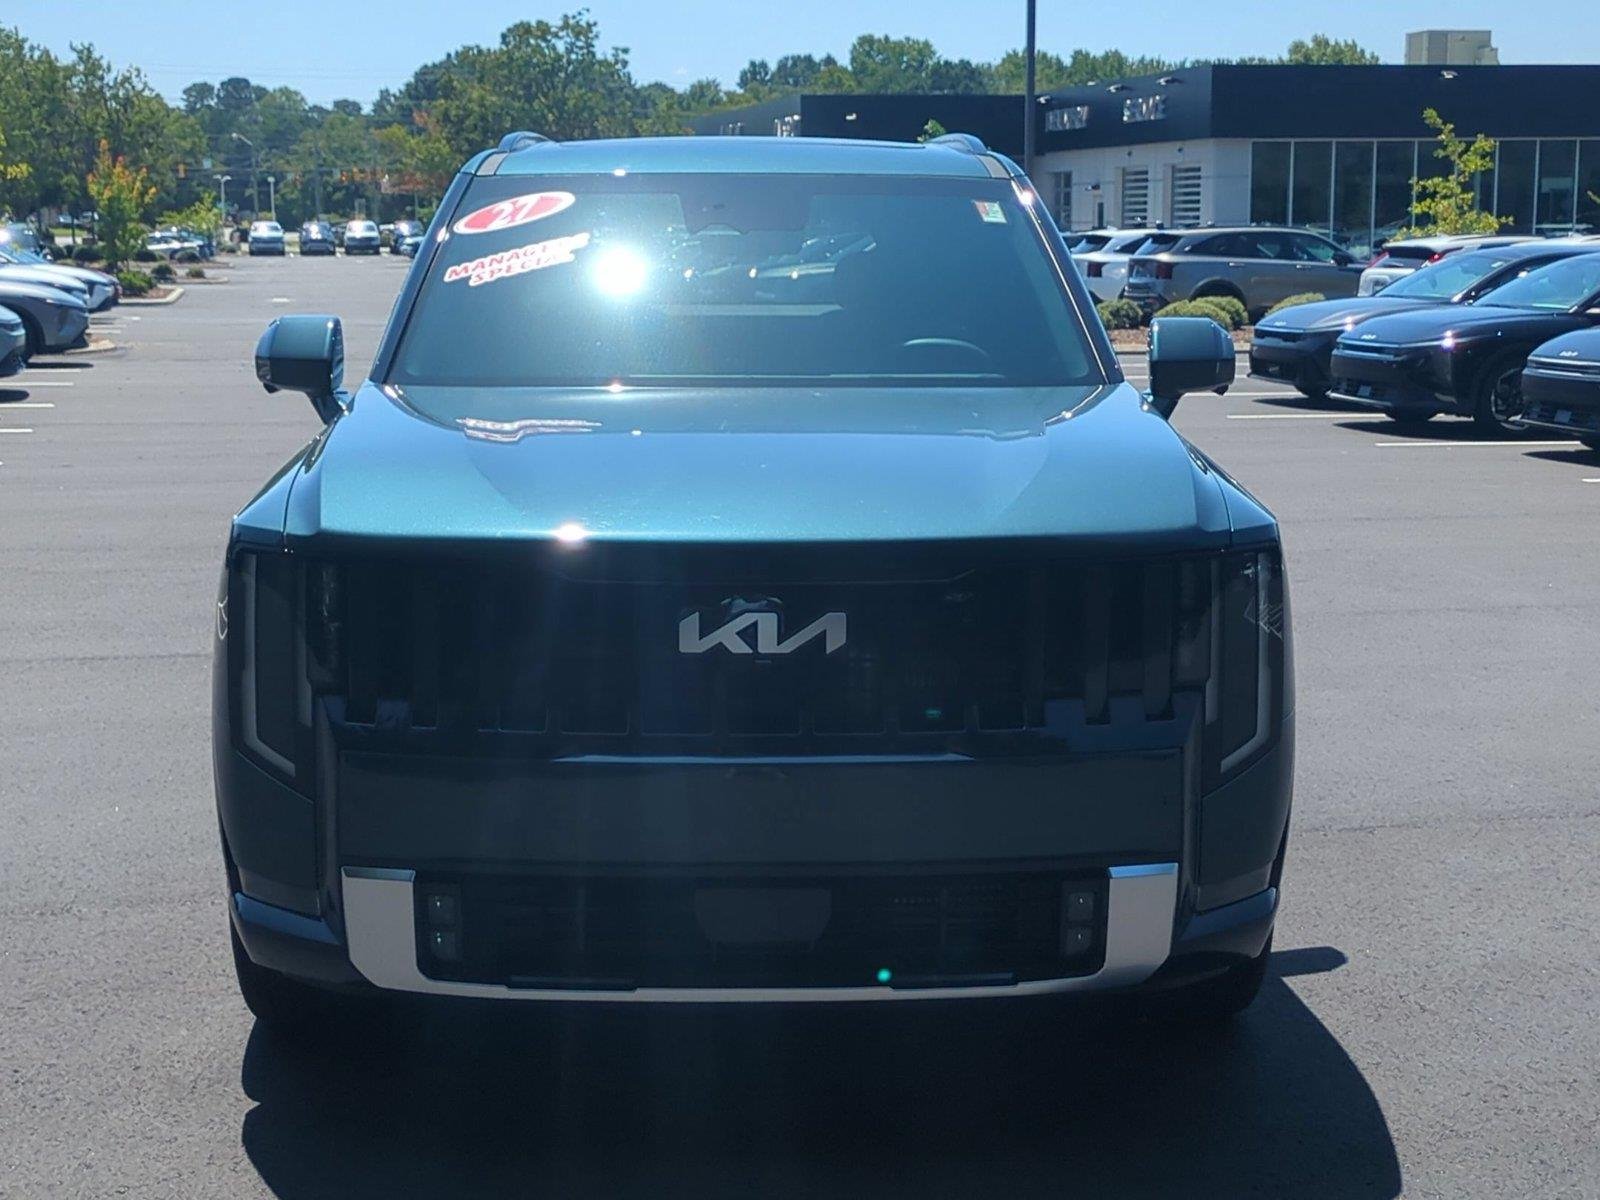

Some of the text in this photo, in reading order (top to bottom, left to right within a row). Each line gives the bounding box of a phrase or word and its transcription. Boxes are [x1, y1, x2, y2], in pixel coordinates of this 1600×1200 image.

[486, 195, 540, 228] 27
[474, 252, 572, 284] SPECIA
[679, 612, 847, 654] KIA
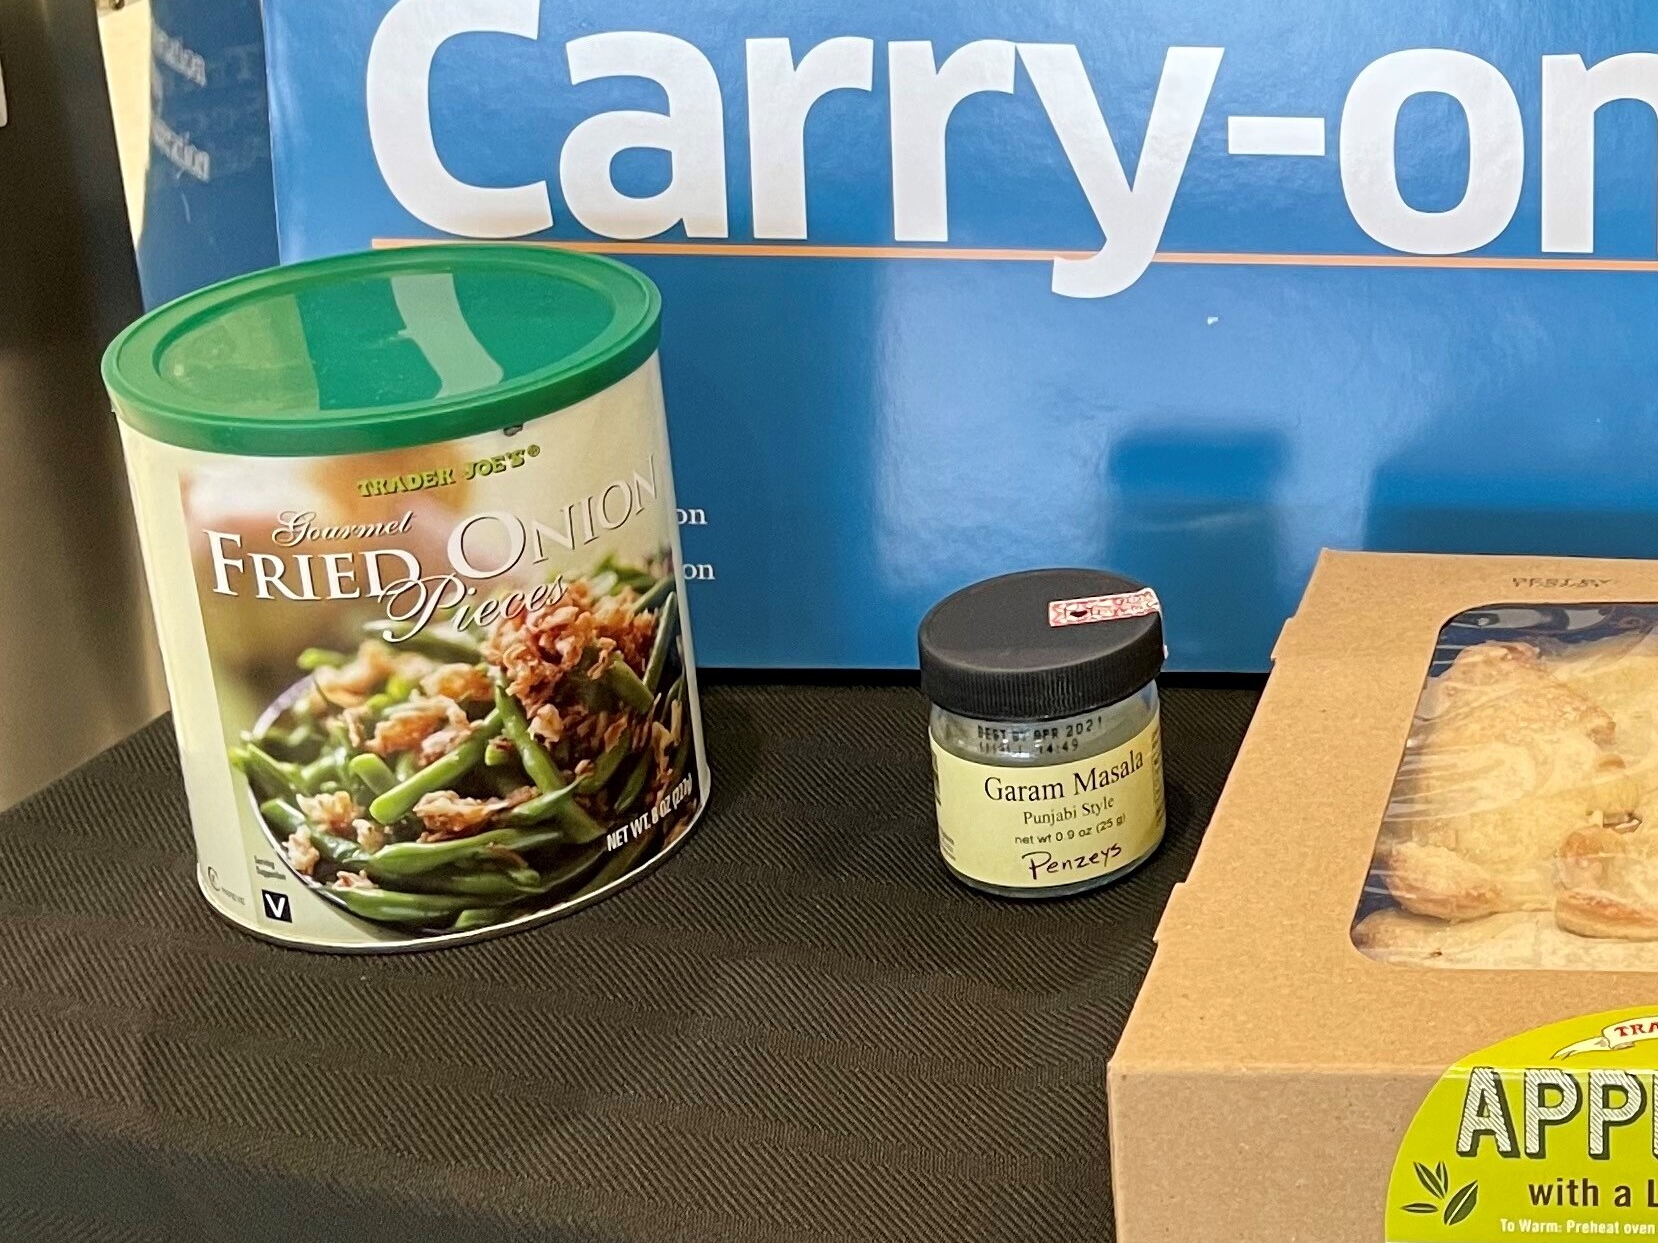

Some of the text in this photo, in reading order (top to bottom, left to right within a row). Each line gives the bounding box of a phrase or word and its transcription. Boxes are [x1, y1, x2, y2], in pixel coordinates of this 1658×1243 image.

[357, 468, 455, 498] TRADER
[202, 453, 659, 601] FRIED ONION
[271, 510, 417, 548] Gourmet
[377, 571, 570, 643] Pieces
[1033, 727, 1058, 740] APR
[984, 776, 1065, 801] Garam
[1073, 750, 1144, 796] Masala
[1023, 796, 1115, 826] Punjabi Style
[606, 825, 628, 852] NET
[630, 812, 651, 839] WT.
[1015, 834, 1034, 844] net
[1037, 834, 1052, 843] wt
[1078, 827, 1092, 837] oz
[1021, 842, 1122, 880] Penzeys
[1528, 1177, 1600, 1209] with
[1614, 1185, 1632, 1208] a
[1500, 1218, 1515, 1233] To
[1519, 1219, 1562, 1233] Warm:
[1566, 1219, 1619, 1234] Preheat
[1624, 1222, 1655, 1235] oven

WHAT TO DO>
Beginning with the line that contains "this 1658×1243 image.", set down every line through the end of the data without change.

RESPONSE>
Some of the text in this photo, in reading order (top to bottom, left to right within a row). Each line gives the bounding box of a phrase or word and its transcription. Boxes are [x1, y1, x2, y2], in pixel coordinates of this 1658×1243 image.

[357, 468, 455, 498] TRADER
[202, 453, 659, 601] FRIED ONION
[271, 510, 417, 548] Gourmet
[377, 571, 570, 643] Pieces
[1033, 727, 1058, 740] APR
[984, 776, 1065, 801] Garam
[1073, 750, 1144, 796] Masala
[1023, 796, 1115, 826] Punjabi Style
[606, 825, 628, 852] NET
[630, 812, 651, 839] WT.
[1015, 834, 1034, 844] net
[1037, 834, 1052, 843] wt
[1078, 827, 1092, 837] oz
[1021, 842, 1122, 880] Penzeys
[1528, 1177, 1600, 1209] with
[1614, 1185, 1632, 1208] a
[1500, 1218, 1515, 1233] To
[1519, 1219, 1562, 1233] Warm:
[1566, 1219, 1619, 1234] Preheat
[1624, 1222, 1655, 1235] oven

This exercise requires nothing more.